Empirical networks are rarely binary - capturing strength or frequency of interactions or perhaps even expression or activity of the nodes themselves. This presents a challenge when computing graph measures which require the graph to be unweighted. However, there is a natural expansion of a weighted graph, called a

**filtration**, which allows us to compute our favorite binary graph measures on a weighted graph in a meaningful way.

A filtration is a sequence of binary graphs, each a subgraph of the next. The edge weights of the original weighted network indicate relation strength between nodes, so we construct our filtration with this is mind. The first binary graph in the filtration G_0 includes only the nodes, and subsequent binary graphs G_1, G_2, ... G_N contain the edges of the previous graph as well as some (0 or more) new edges. If we assume all edge weights are unique, we can imagine this process as adding edges to an empty graph one at a time in order of decreasing edge weight.

Then, at each point in the filtration we can compute your favorite graph measure. Now your favorite graph measure is not a number but a function of the edge density.

Then, at each point in the filtration we can compute your favorite graph measure. Now your favorite graph measure is not a number but a function of the edge density.
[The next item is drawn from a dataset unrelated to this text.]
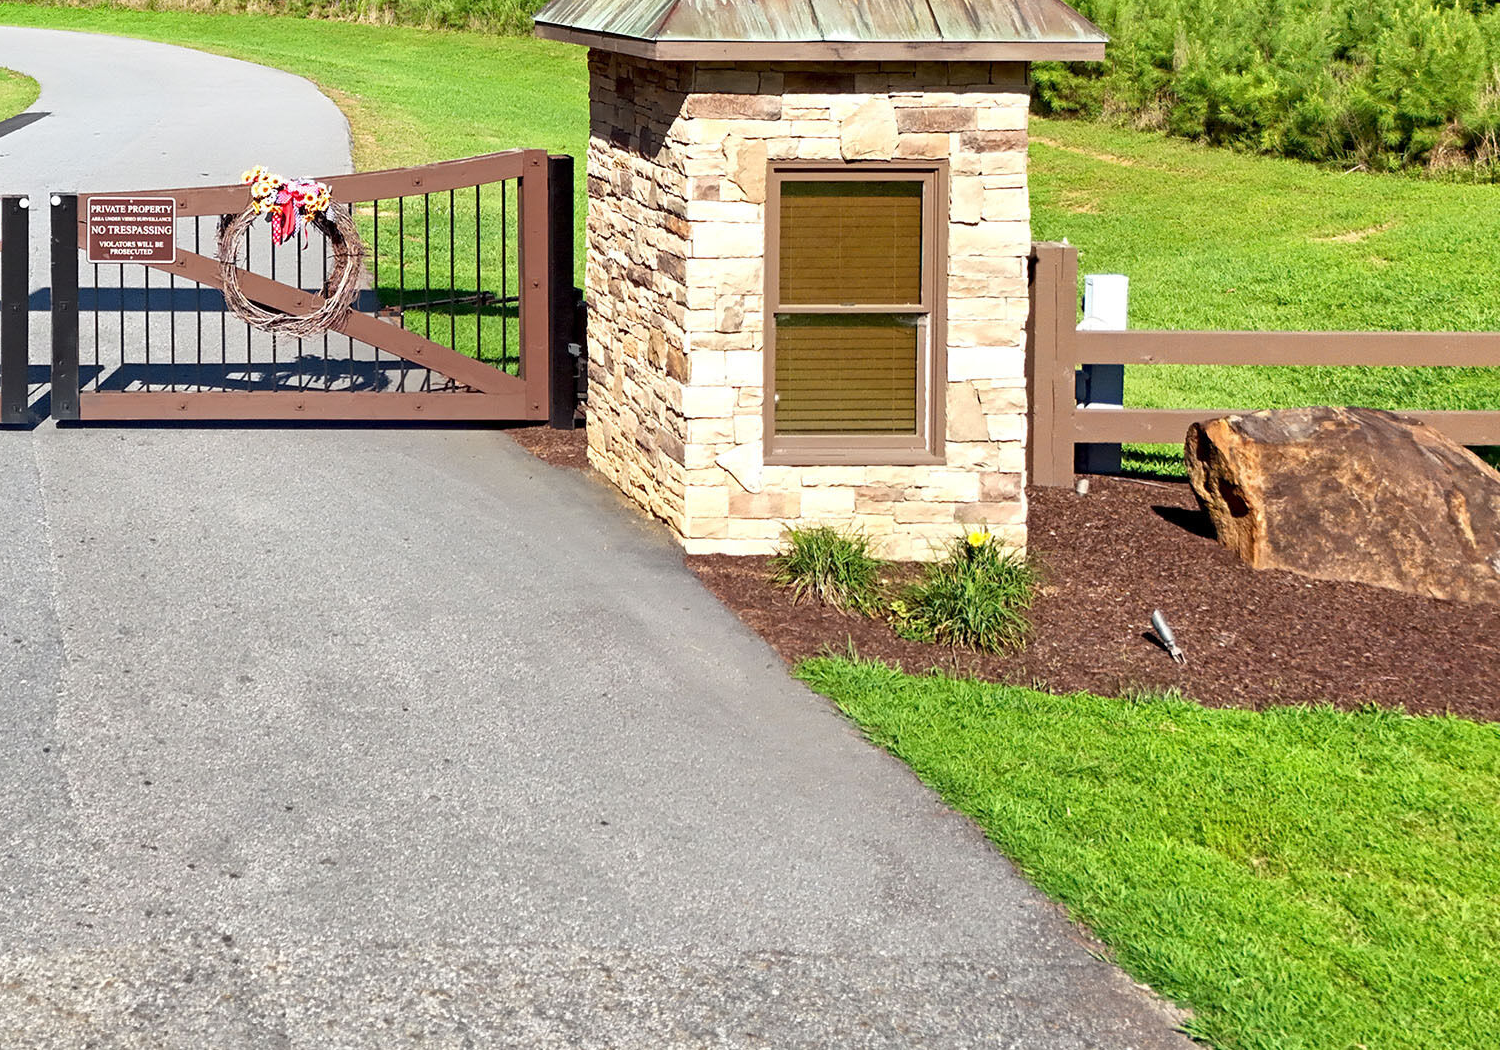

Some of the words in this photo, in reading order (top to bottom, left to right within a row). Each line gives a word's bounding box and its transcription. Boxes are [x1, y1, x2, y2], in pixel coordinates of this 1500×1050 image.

As mentioned, perhaps it is instead the nodes that have an ordering and the edges do not. The node ordering could be derived from decreasing weights on the nodes such as strength, centrality, or even protein expression for an empirical network, time when a node joins a cluster of interest, etc. Then our filtration moves along the nodes, instead of the edges. However, note the definition of a graph G(V,E) requires edges to connect two nodes that are in the vertex set V, so when a node is added, all edges between this new node and nodes already in the graph are added. Then each new G_i in our filtration contains all the edges and nodes of the previous G_{i-1} in addition to some (0 or more) new nodes and their carried edges. Then we can again compute your favorite graph measure at each point in the filtration to obtain a function on the number of nodes of a weighted node network.